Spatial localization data
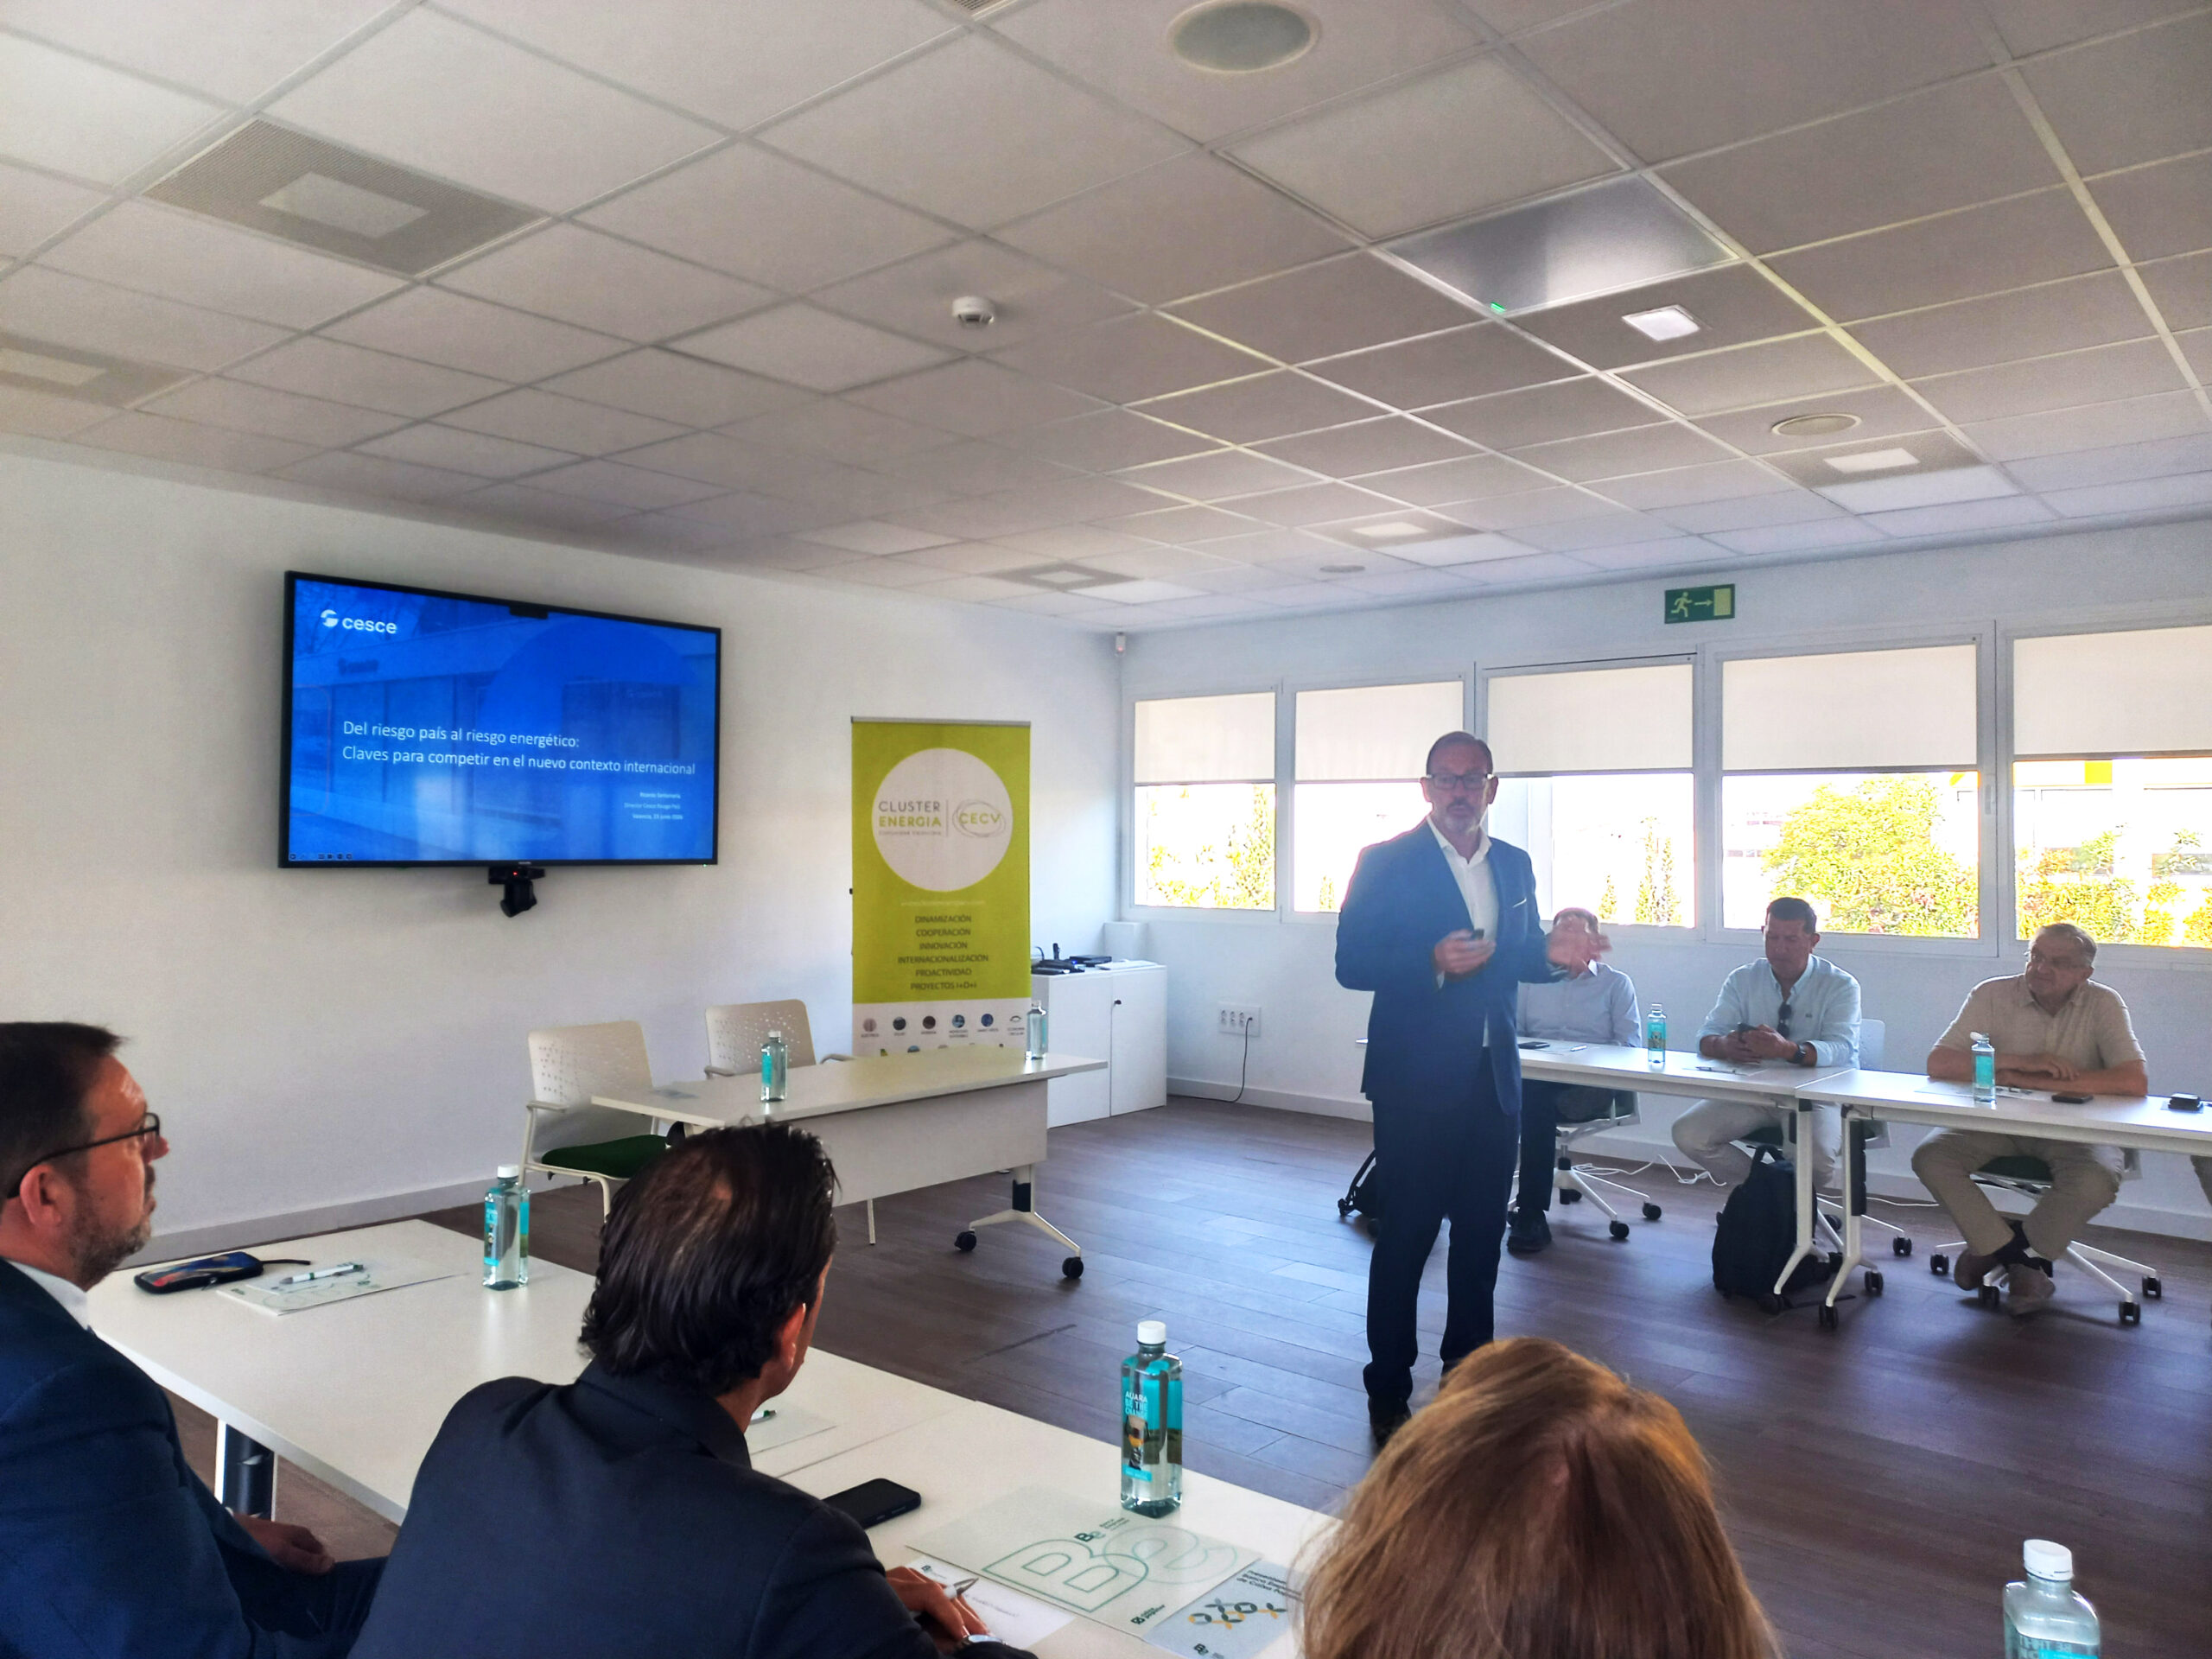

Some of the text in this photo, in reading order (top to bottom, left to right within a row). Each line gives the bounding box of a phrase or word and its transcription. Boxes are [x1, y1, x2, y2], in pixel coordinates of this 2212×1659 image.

[342, 617, 397, 634] cesce
[343, 721, 580, 748] Del riesgo país al riesgo energético:
[342, 746, 696, 775] Claves para competir en el nuevo contexto internacional
[878, 801, 940, 813] CLUSTER
[959, 812, 1001, 824] CECV
[915, 968, 972, 976] PROACTIVIDAD
[1125, 1390, 1148, 1403] AUARA
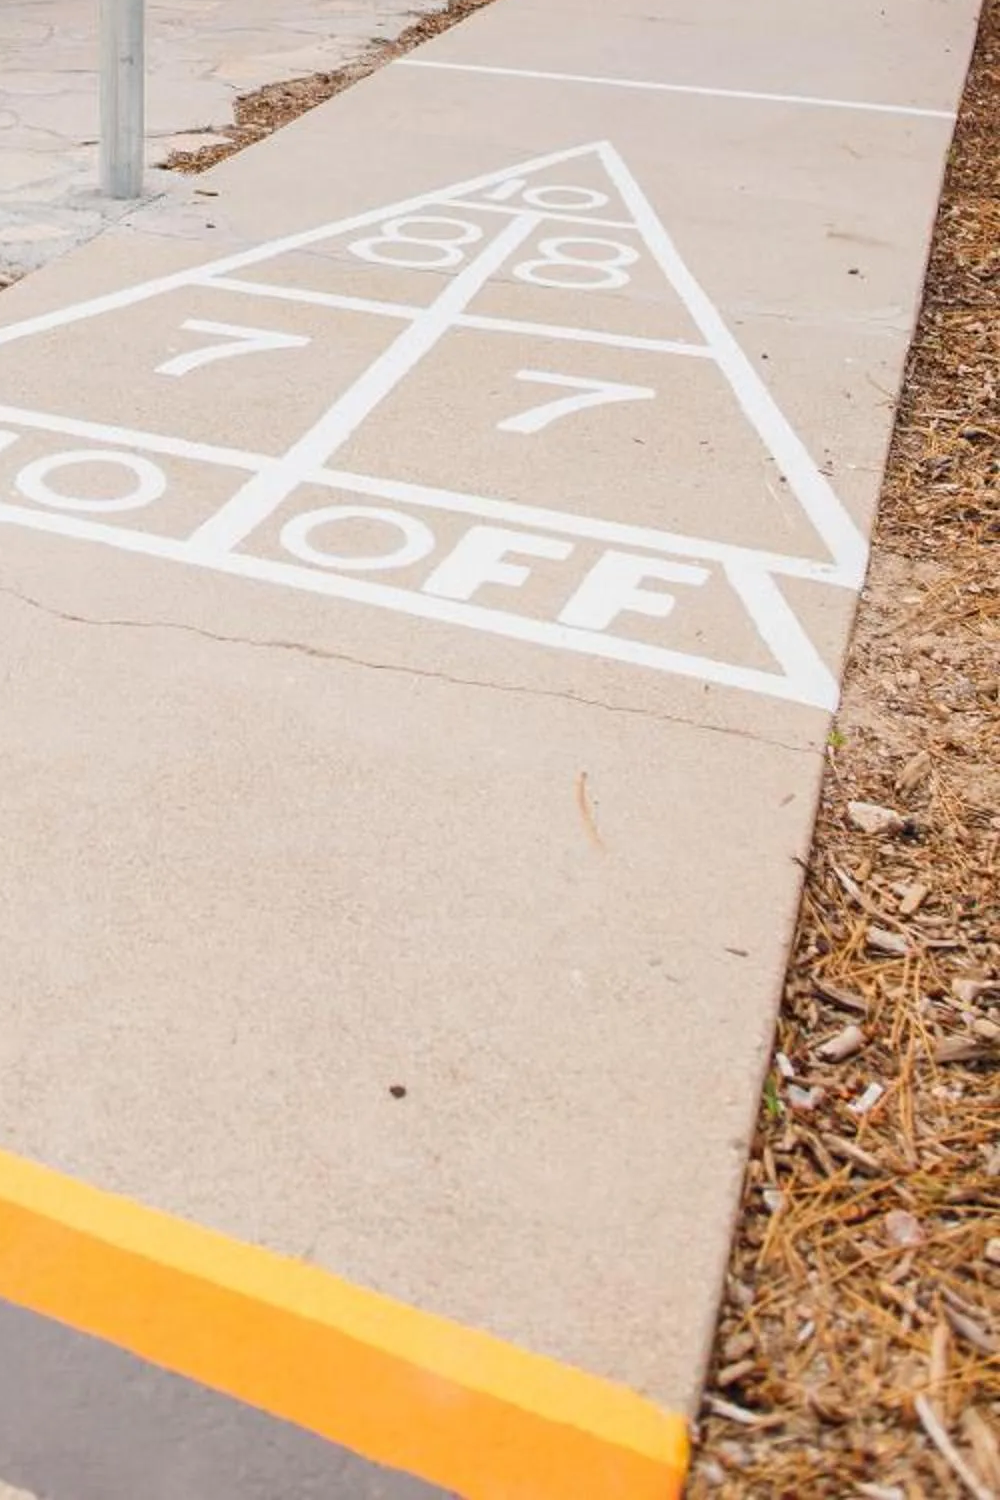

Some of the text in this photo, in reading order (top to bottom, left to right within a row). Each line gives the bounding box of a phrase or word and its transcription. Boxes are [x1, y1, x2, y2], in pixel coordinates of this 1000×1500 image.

[483, 178, 609, 210] 10
[348, 215, 640, 289] 8 8
[155, 319, 655, 434] 7 7
[279, 506, 708, 630] OFF

Brief
Could you copy the data above exactly, leaving the pictures out?

Response to this exercise
Some of the text in this photo, in reading order (top to bottom, left to right within a row). Each line gives the bounding box of a phrase or word and its transcription. Boxes are [x1, y1, x2, y2], in pixel coordinates of this 2212×1659 image.

[342, 617, 397, 634] cesce
[343, 721, 580, 748] Del riesgo país al riesgo energético:
[342, 746, 696, 775] Claves para competir en el nuevo contexto internacional
[878, 801, 940, 813] CLUSTER
[959, 812, 1001, 824] CECV
[915, 968, 972, 976] PROACTIVIDAD
[1125, 1390, 1148, 1403] AUARA

Some of the text in this photo, in reading order (top to bottom, left to right within a row). Each line gives the bounding box of a phrase or word and its transcription. Boxes are [x1, y1, x2, y2], in pixel coordinates of this 1000×1500 image.

[483, 178, 609, 210] 10
[348, 215, 640, 289] 8 8
[155, 319, 655, 434] 7 7
[279, 506, 708, 630] OFF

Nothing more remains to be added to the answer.